# Kato started his training!



## PAGal (Sep 10, 2015)

Hi everyone :smile2: In my last post where I introduced Kato, I mentioned we were going to train with Dean Calderon that weekend. Well it turns out I screwed up the date and we actually went this past Sunday :blush: 
Kato was an absolute champ and Dean complimented him many times throughout the training session :grin2: We started working on our tracking, obedience, and brought out the burlap tug for protection. Dean said that I should be able to title him in SchIII with no problem :wild:
I don't know why I feel so relieved, maybe its just because it is nice to hear someone else tell you that you have a nice dog as opposed to telling yourself that statement.
So far we have trained both days since coming back and I plan to go back down to Dean's this coming Sunday  
Here is a picture of Kato just because :smile2:


----------



## Deb (Nov 20, 2010)

Congrats! He's beautiful!


----------



## cdwoodcox (Jul 4, 2015)

It is nice when someone else validates what we think of our dogs. Especially someone who has been around a lot of dogs. Good looking dog.


----------



## PAGal (Sep 10, 2015)

Deb said:


> Congrats! He's beautiful!


Thank you!


----------



## PAGal (Sep 10, 2015)

cdwoodcox said:


> It is nice when someone else validates what we think of our dogs. Especially someone who has been around a lot of dogs. Good looking dog.


Thank you very much!


----------



## MyHans-someBoy (Feb 23, 2013)

Wow-those eyes!
And that intimidating stare.
He is a gorgeous boy!!


----------



## PAGal (Sep 10, 2015)

MyHans-someBoy said:


> Wow-those eyes!
> And that intimidating stare.
> He is a gorgeous boy!!


Thank you!
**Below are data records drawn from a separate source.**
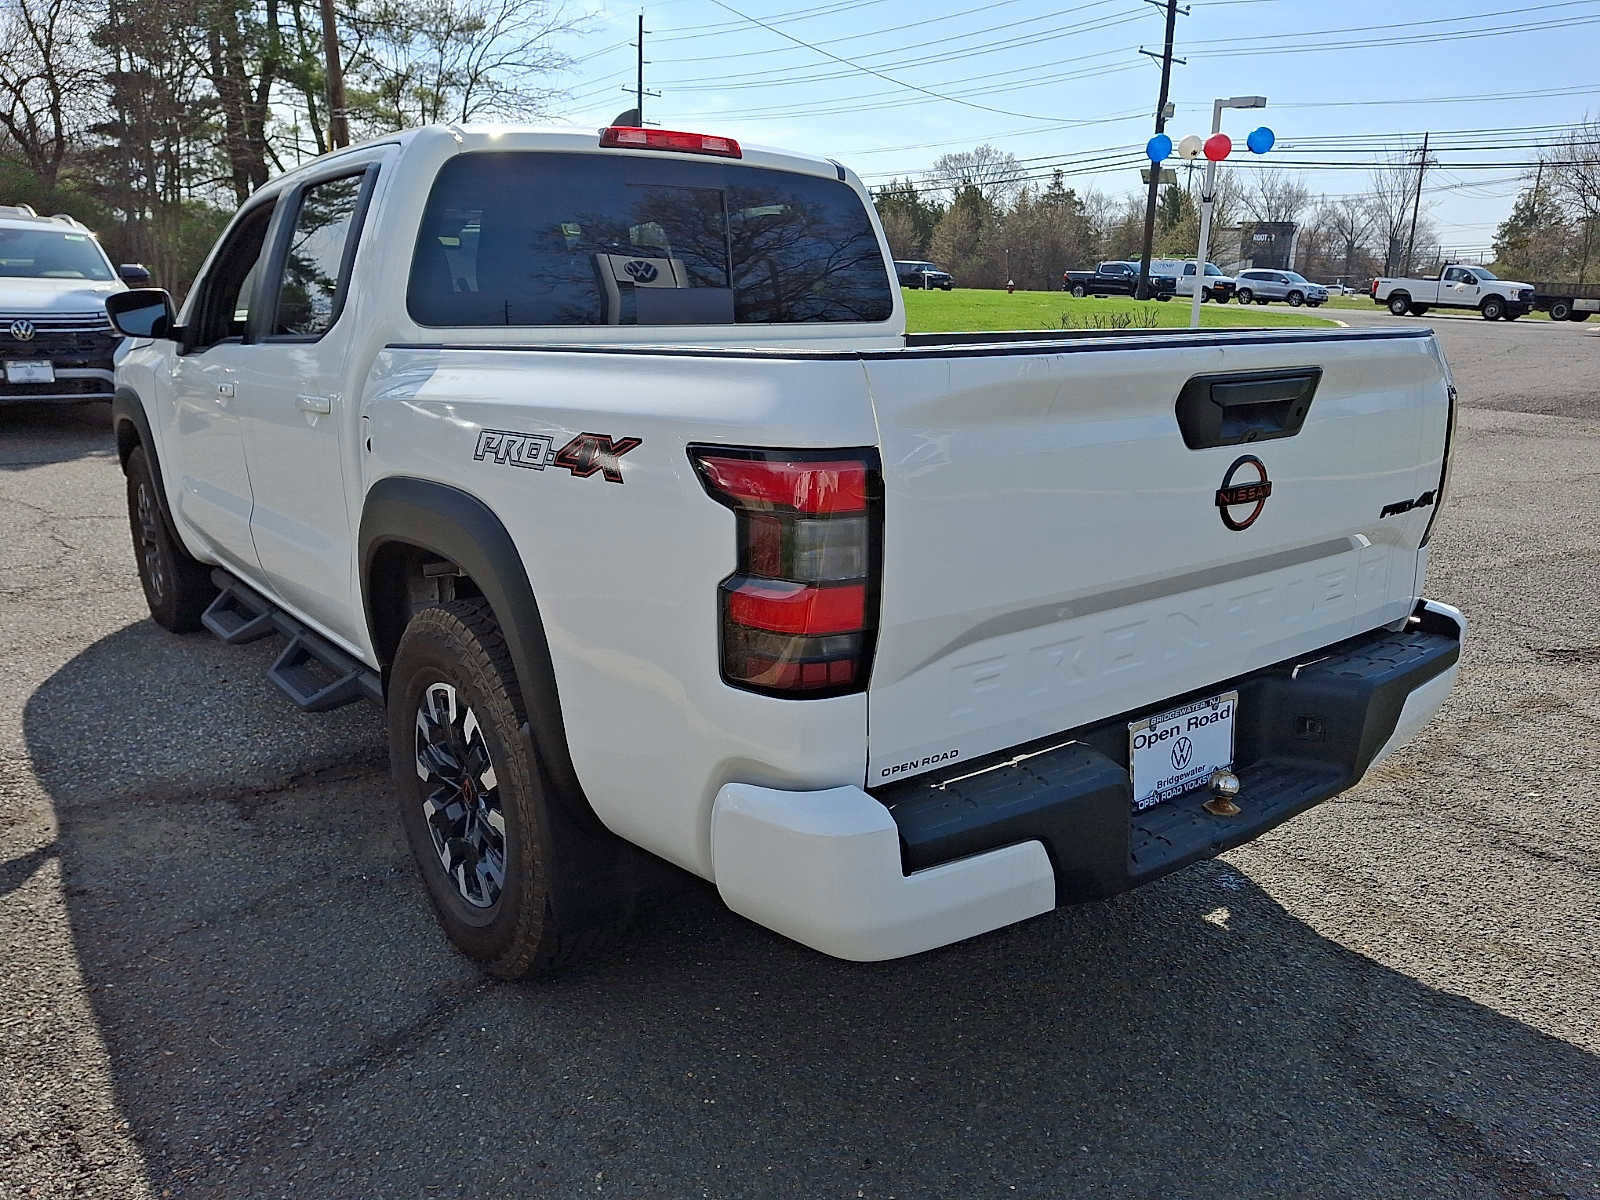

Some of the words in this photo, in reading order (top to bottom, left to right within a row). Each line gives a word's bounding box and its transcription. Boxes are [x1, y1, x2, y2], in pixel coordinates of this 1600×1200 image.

[1219, 485, 1271, 504] NISSAN
[1133, 725, 1181, 749] Open
[1187, 705, 1231, 732] Road
[881, 760, 919, 777] OPEN
[922, 749, 959, 766] ROAD
[1156, 764, 1207, 789] Bridgewater
[1138, 794, 1160, 810] OPEN
[1161, 785, 1183, 801] ROAD
He does look scary, I have had children ask me if he is a wolf :laugh2:


----------



## zetti (May 11, 2014)

PAGal said:


> Hi everyone :smile2: In my last post where I introduced Kato, I mentioned we were going to train with Dean Calderon that weekend. Well it turns out I screwed up the date and we actually went this past Sunday :blush:
> Kato was an absolute champ and Dean complimented him many times throughout the training session :grin2: We started working on our tracking, obedience, and brought out the burlap tug for protection. Dean said that I should be able to title him in SchIII with no problem :wild:
> I don't know why I feel so relieved, maybe its just because it is nice to hear someone else tell you that you have a nice dog as opposed to telling yourself that statement.
> So far we have trained both days since coming back and I plan to go back down to Dean's this coming Sunday
> Here is a picture of Kato just because :smile2:


Your dog is beautiful.

What did you think of Dean's training methods? I found him to be quite harsh.


----------



## PAGal (Sep 10, 2015)

zetti said:


> Your dog is beautiful.
> 
> What did you think of Dean's training methods? I found him to be quite harsh.
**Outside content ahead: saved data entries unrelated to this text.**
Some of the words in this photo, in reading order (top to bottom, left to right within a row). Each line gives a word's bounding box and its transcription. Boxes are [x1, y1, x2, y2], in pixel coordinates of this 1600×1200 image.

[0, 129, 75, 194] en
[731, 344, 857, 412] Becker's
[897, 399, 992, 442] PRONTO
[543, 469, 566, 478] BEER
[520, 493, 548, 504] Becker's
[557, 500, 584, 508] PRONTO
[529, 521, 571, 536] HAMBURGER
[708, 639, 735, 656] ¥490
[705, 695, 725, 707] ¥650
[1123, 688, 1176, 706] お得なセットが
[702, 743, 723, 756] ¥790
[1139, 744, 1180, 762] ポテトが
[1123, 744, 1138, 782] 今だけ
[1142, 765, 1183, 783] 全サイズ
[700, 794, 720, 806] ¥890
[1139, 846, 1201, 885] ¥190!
Thank you! I actually didn't think he was very harsh. Granted this was my first time training with him. He does swear quite a bit and is very honest, but I don't mind that.


----------



## zetti (May 11, 2014)

PAGal said:


> Thank you! I actually didn't think he was very harsh. Granted this was my first time training with him. He does swear quite a bit and is very honest, but I don't mind that.


Maybe he's changed his ways and no longer advocates kicking dogs in the ribs on the track.


----------



## PAGal (Sep 10, 2015)

zetti said:


> Maybe he's changed his ways and no longer advocates kicking dogs in the ribs on the track.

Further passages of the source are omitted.